== Work order ==
Output each entry below as it stands, leaving out every picture.

○ ○ ○ ○ ○ ○ ○

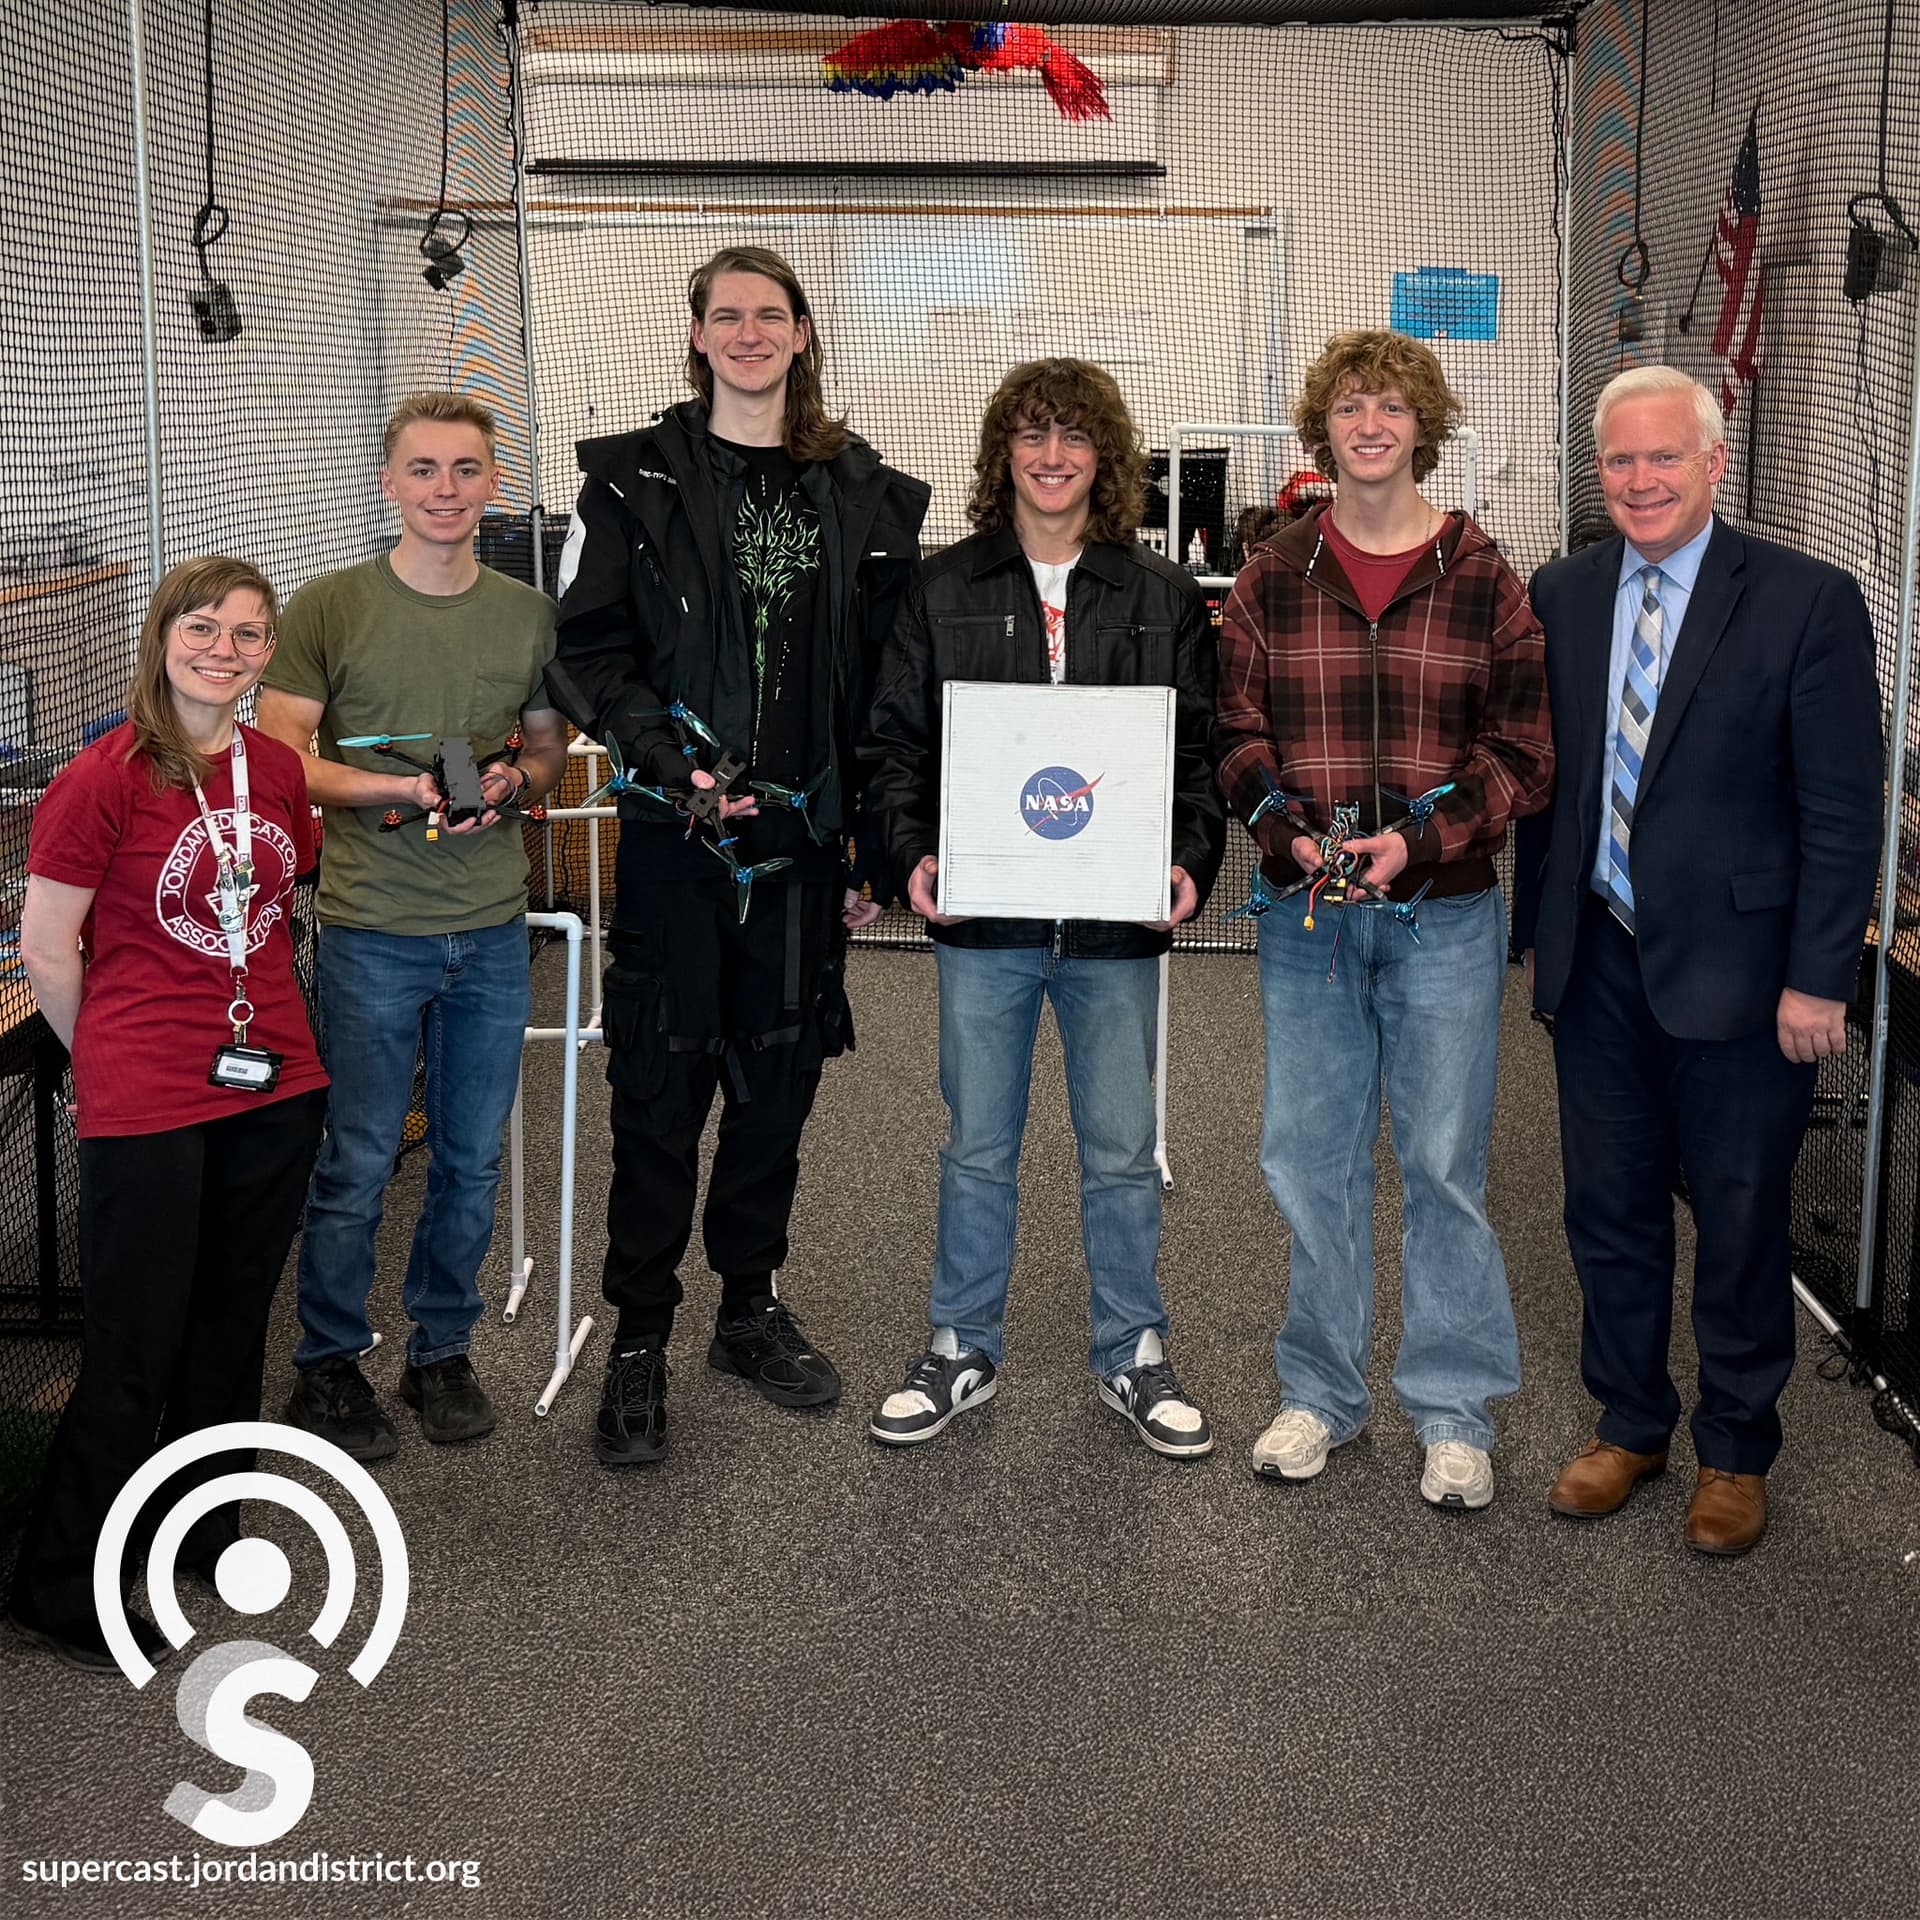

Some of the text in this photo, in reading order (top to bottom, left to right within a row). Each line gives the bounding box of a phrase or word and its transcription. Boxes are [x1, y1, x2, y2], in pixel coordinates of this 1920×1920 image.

[1025, 794, 1090, 812] NASA
[163, 824, 208, 898] JORDAN
[167, 903, 283, 952] ASSOCATION
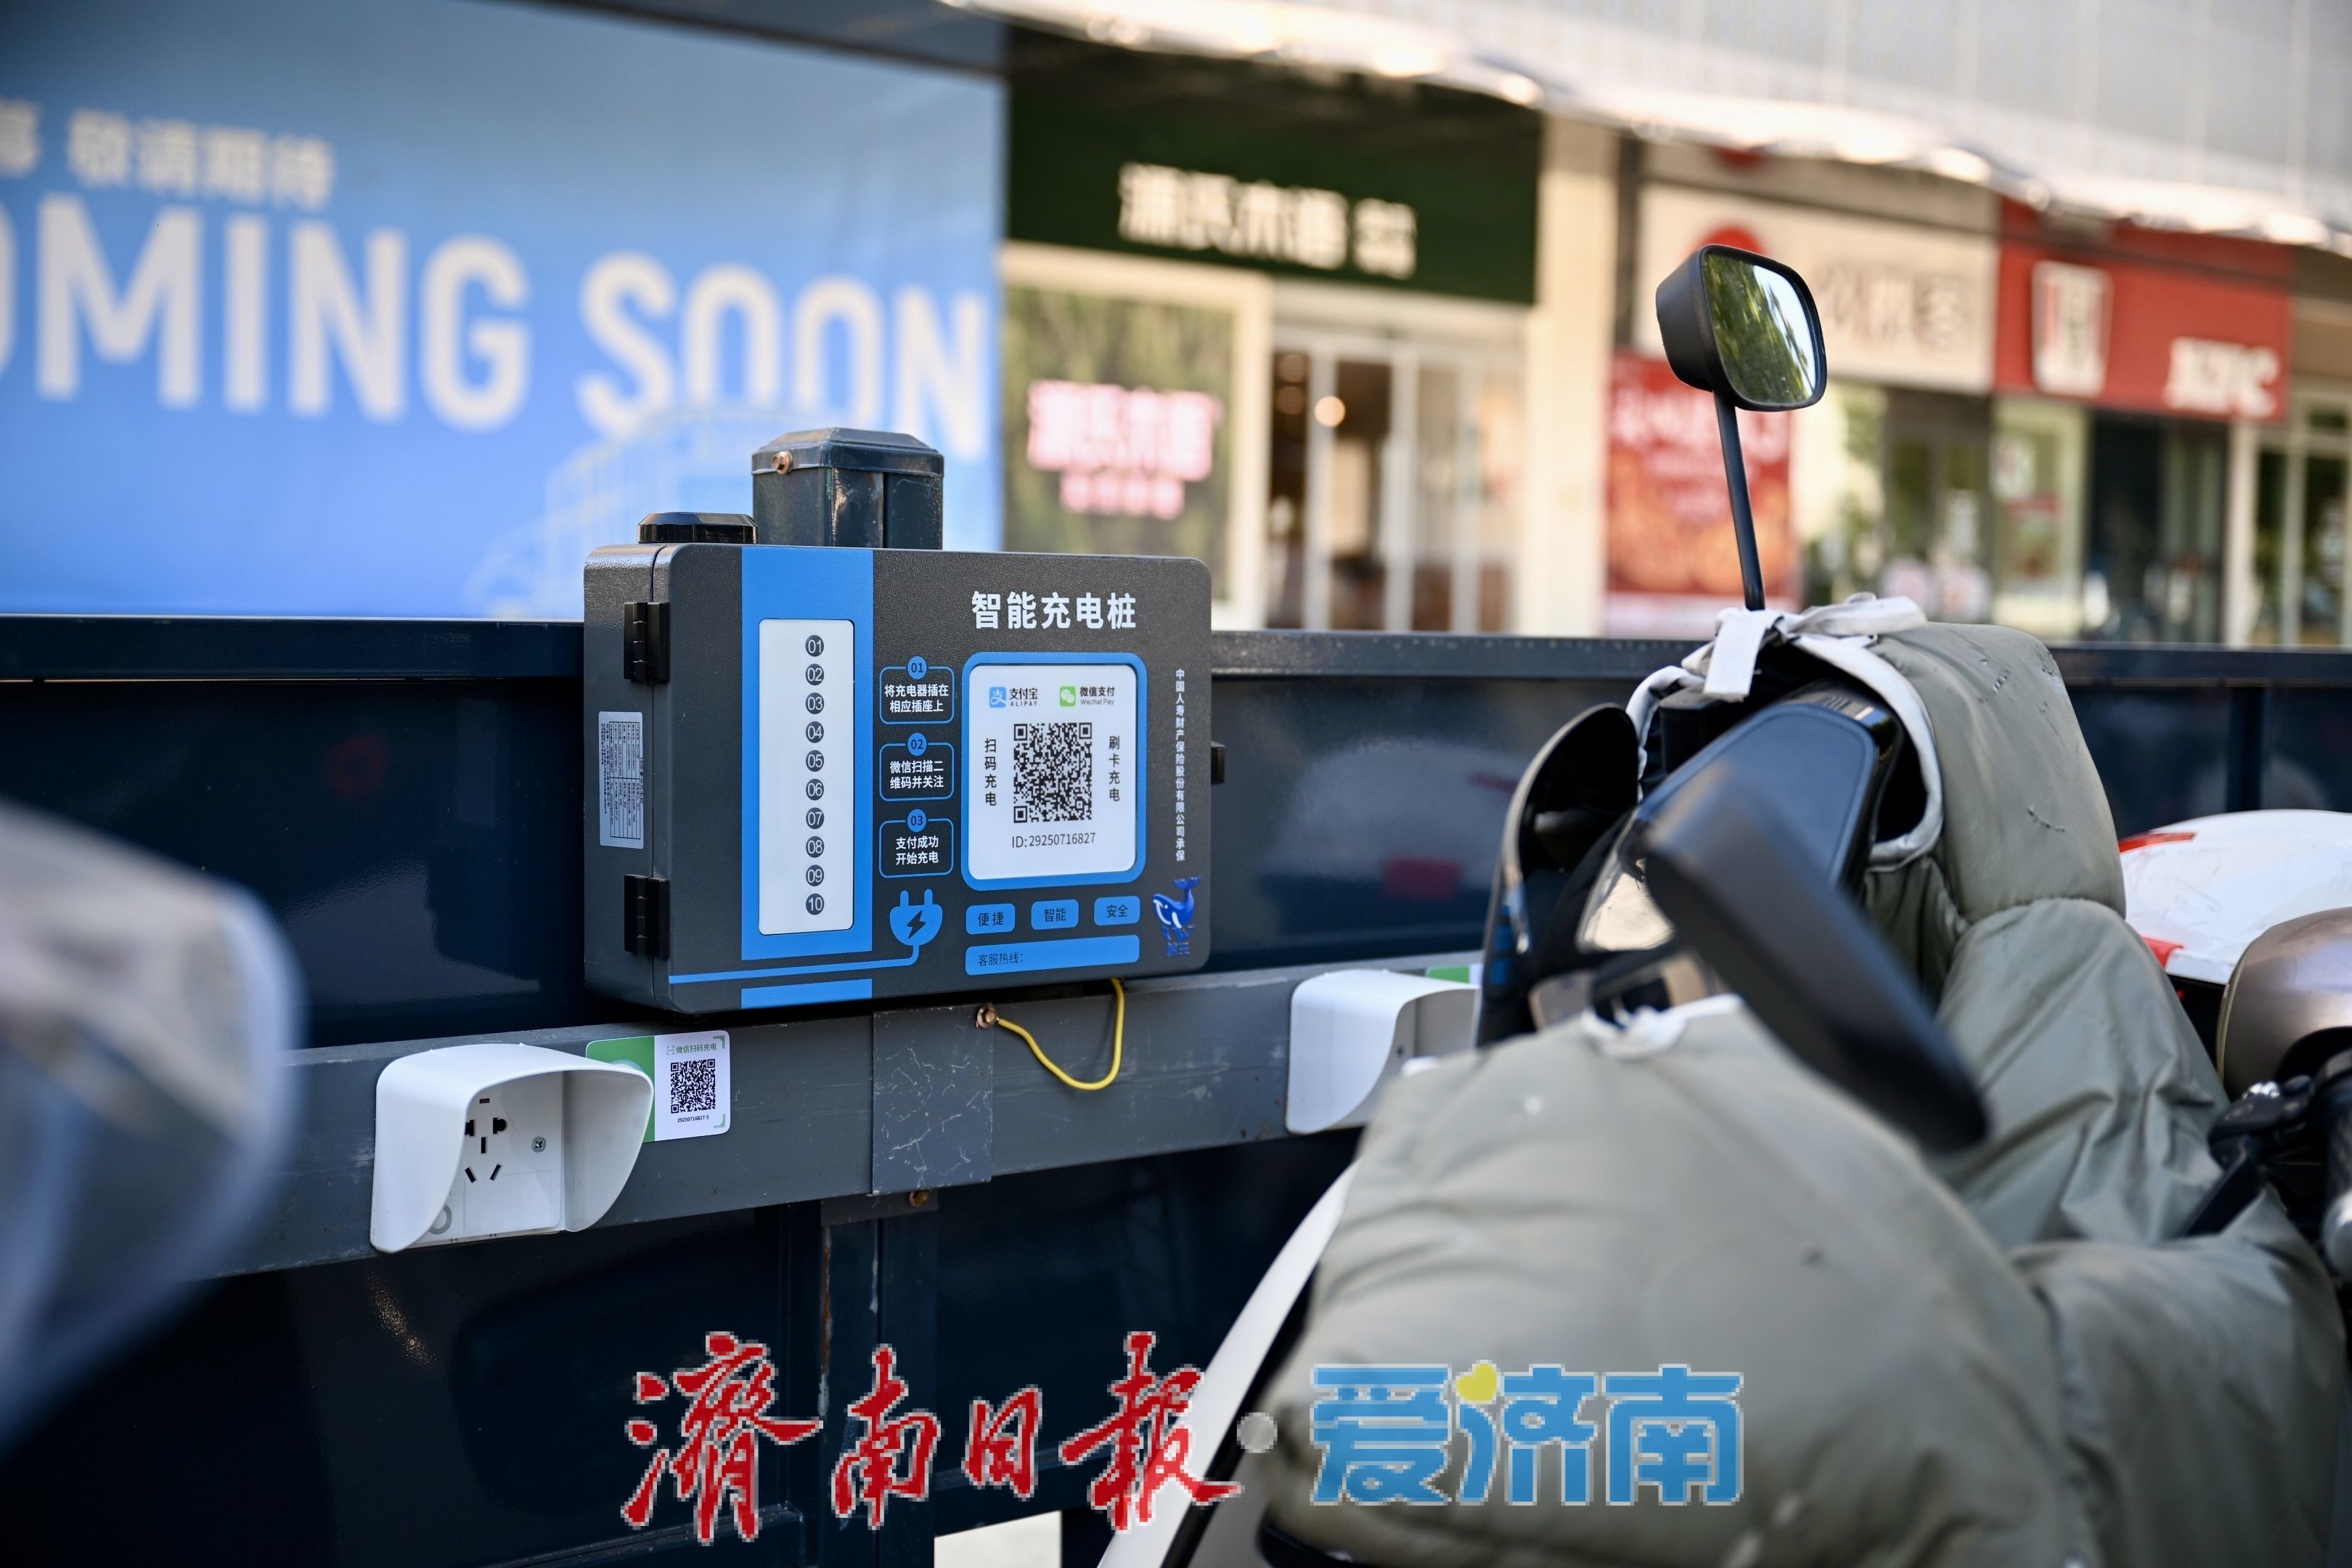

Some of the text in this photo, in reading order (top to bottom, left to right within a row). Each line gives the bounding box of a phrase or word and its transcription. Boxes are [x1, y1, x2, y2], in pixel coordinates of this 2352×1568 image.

○ ○ ○ ○ ○ ○ ○

== Finished task ==
Some of the text in this photo, in reading order (top to bottom, left to right within a row). Each line gives the bounding box of a phrase or word and its transcription. Boxes are [x1, y1, x2, y2], in pixel coordinates of this 1920×1920 image.

[1025, 794, 1090, 812] NASA
[163, 824, 208, 898] JORDAN
[167, 903, 283, 952] ASSOCATION

Some of the text in this photo, in reading order (top to bottom, left to right within a row). Each line gives the bounding box of a phrase or word and its transcription. Boxes are [x1, y1, x2, y2], in pixel coordinates of this 2352×1568 image.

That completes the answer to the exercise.